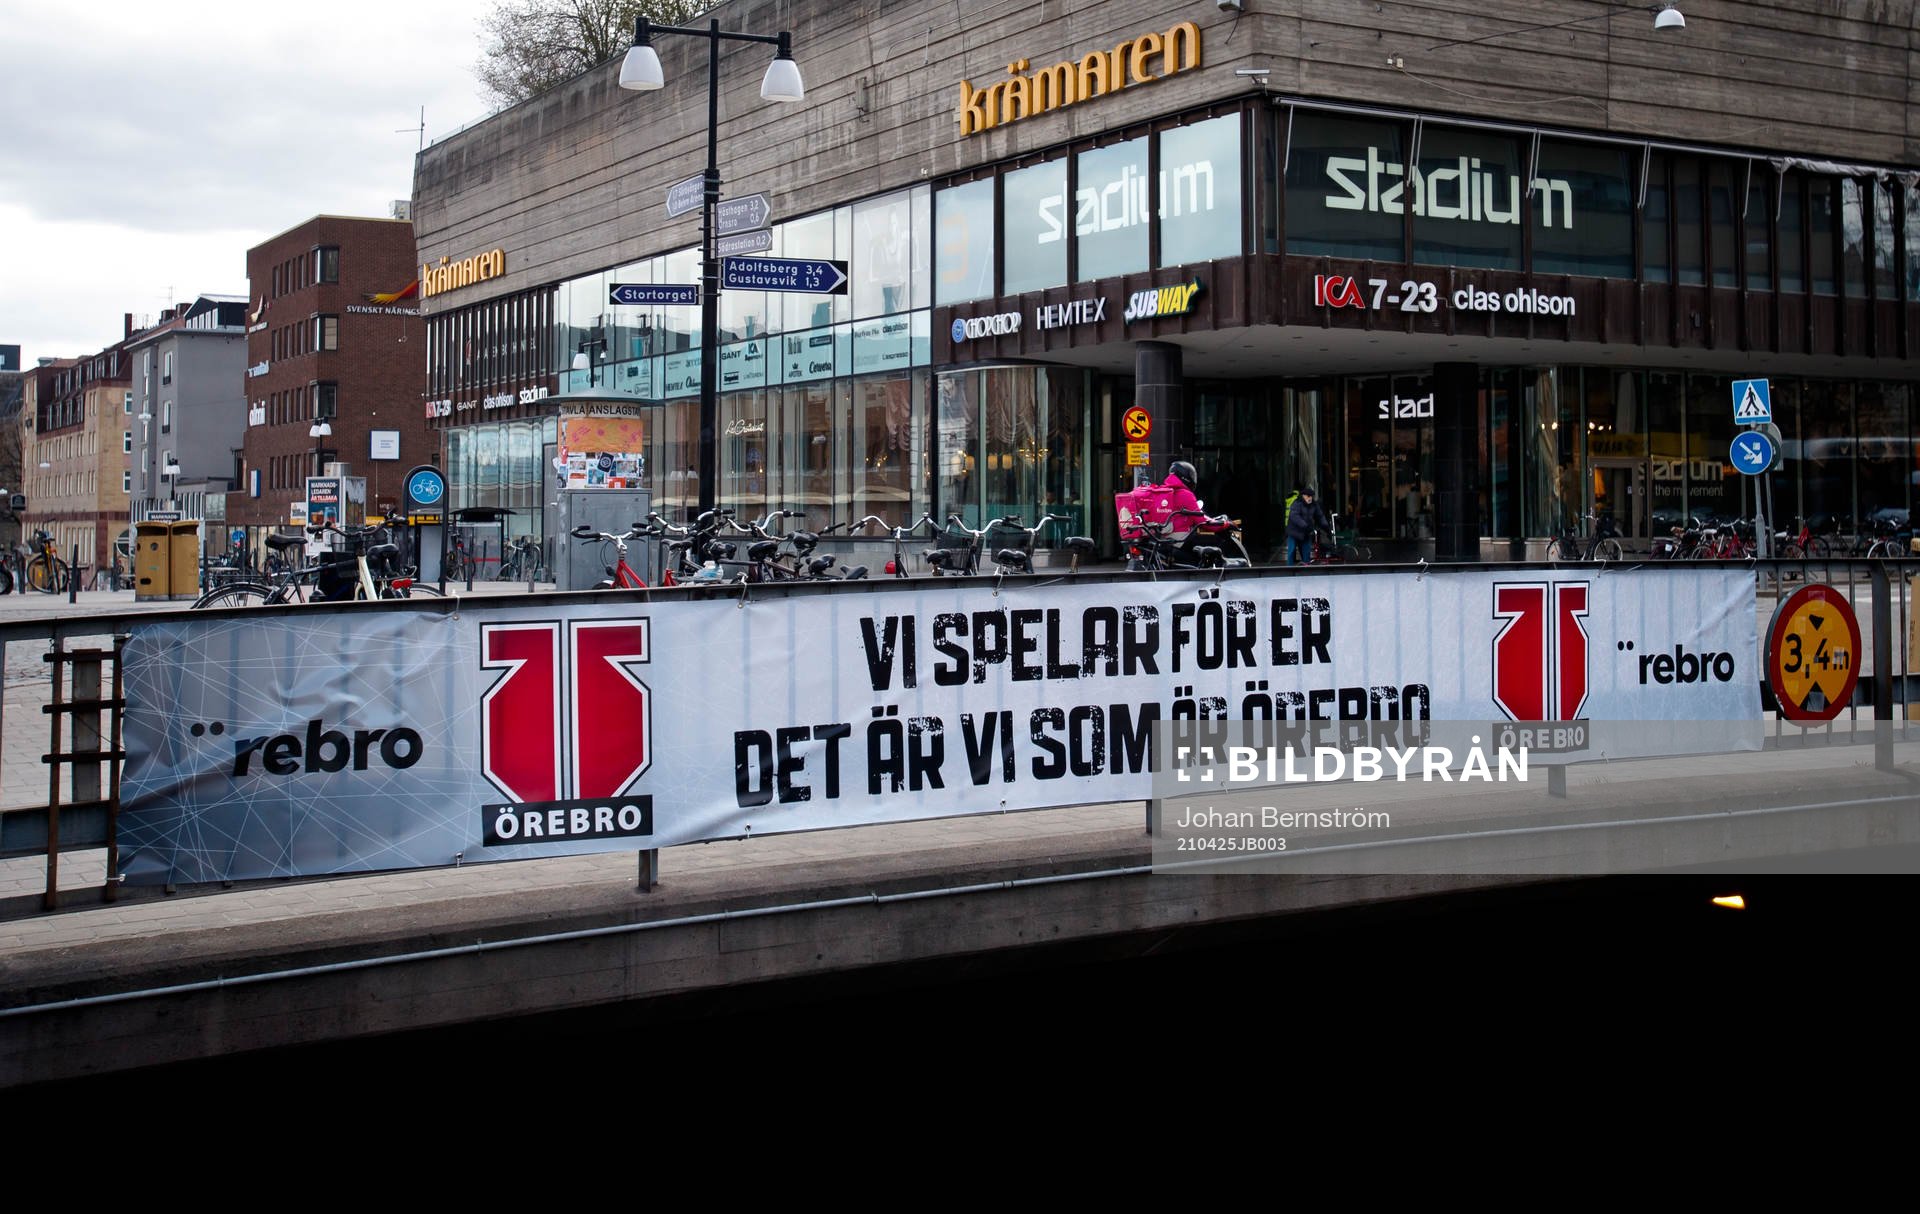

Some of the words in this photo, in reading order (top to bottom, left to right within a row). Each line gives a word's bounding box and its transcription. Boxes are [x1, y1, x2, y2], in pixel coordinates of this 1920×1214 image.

[959, 21, 1201, 136] krämaren
[1038, 160, 1214, 244] stadium
[1324, 147, 1573, 229] stadium
[422, 248, 504, 298] krämaren
[728, 273, 797, 287] Gustavsvik
[805, 277, 820, 288] 1,3
[729, 261, 798, 276] Adolfsberg
[805, 264, 823, 277] 3,4
[346, 305, 383, 314] SVENSKT
[623, 288, 693, 302] Stortorget
[1126, 282, 1199, 320] SUBWAY
[1315, 274, 1366, 309] ICA
[1368, 278, 1438, 313] 7-23
[1454, 284, 1501, 312] clas
[1504, 288, 1576, 316] ohlson
[1036, 297, 1107, 330] HEMTEX
[457, 400, 477, 411] GANT
[1378, 393, 1434, 419] stad
[859, 614, 917, 691] VI
[932, 604, 1160, 687] SPELAR
[1171, 588, 1257, 673] FÖR
[1271, 597, 1332, 666] ER
[734, 722, 852, 808] DET
[866, 704, 946, 796] ÄR
[959, 711, 1016, 786] VI
[1030, 702, 1161, 781] SOM
[1171, 685, 1229, 771] ÄR
[1241, 680, 1431, 761] ÖREBRO
[1500, 725, 1585, 749] ÖREBRO
[495, 804, 643, 840] ÖREBRO

##############################

WORK REQUIRED
An exact reproduction of all the records is required, with no pictures included.

RESPONSE FOR THIS EXERCISE
Some of the words in this photo, in reading order (top to bottom, left to right within a row). Each line gives a word's bounding box and its transcription. Boxes are [x1, y1, x2, y2], in pixel coordinates of this 1920×1214 image.

[959, 21, 1201, 136] krämaren
[1038, 160, 1214, 244] stadium
[1324, 147, 1573, 229] stadium
[422, 248, 504, 298] krämaren
[728, 273, 797, 287] Gustavsvik
[805, 277, 820, 288] 1,3
[729, 261, 798, 276] Adolfsberg
[805, 264, 823, 277] 3,4
[346, 305, 383, 314] SVENSKT
[623, 288, 693, 302] Stortorget
[1126, 282, 1199, 320] SUBWAY
[1315, 274, 1366, 309] ICA
[1368, 278, 1438, 313] 7-23
[1454, 284, 1501, 312] clas
[1504, 288, 1576, 316] ohlson
[1036, 297, 1107, 330] HEMTEX
[457, 400, 477, 411] GANT
[1378, 393, 1434, 419] stad
[859, 614, 917, 691] VI
[932, 604, 1160, 687] SPELAR
[1171, 588, 1257, 673] FÖR
[1271, 597, 1332, 666] ER
[734, 722, 852, 808] DET
[866, 704, 946, 796] ÄR
[959, 711, 1016, 786] VI
[1030, 702, 1161, 781] SOM
[1171, 685, 1229, 771] ÄR
[1241, 680, 1431, 761] ÖREBRO
[1500, 725, 1585, 749] ÖREBRO
[495, 804, 643, 840] ÖREBRO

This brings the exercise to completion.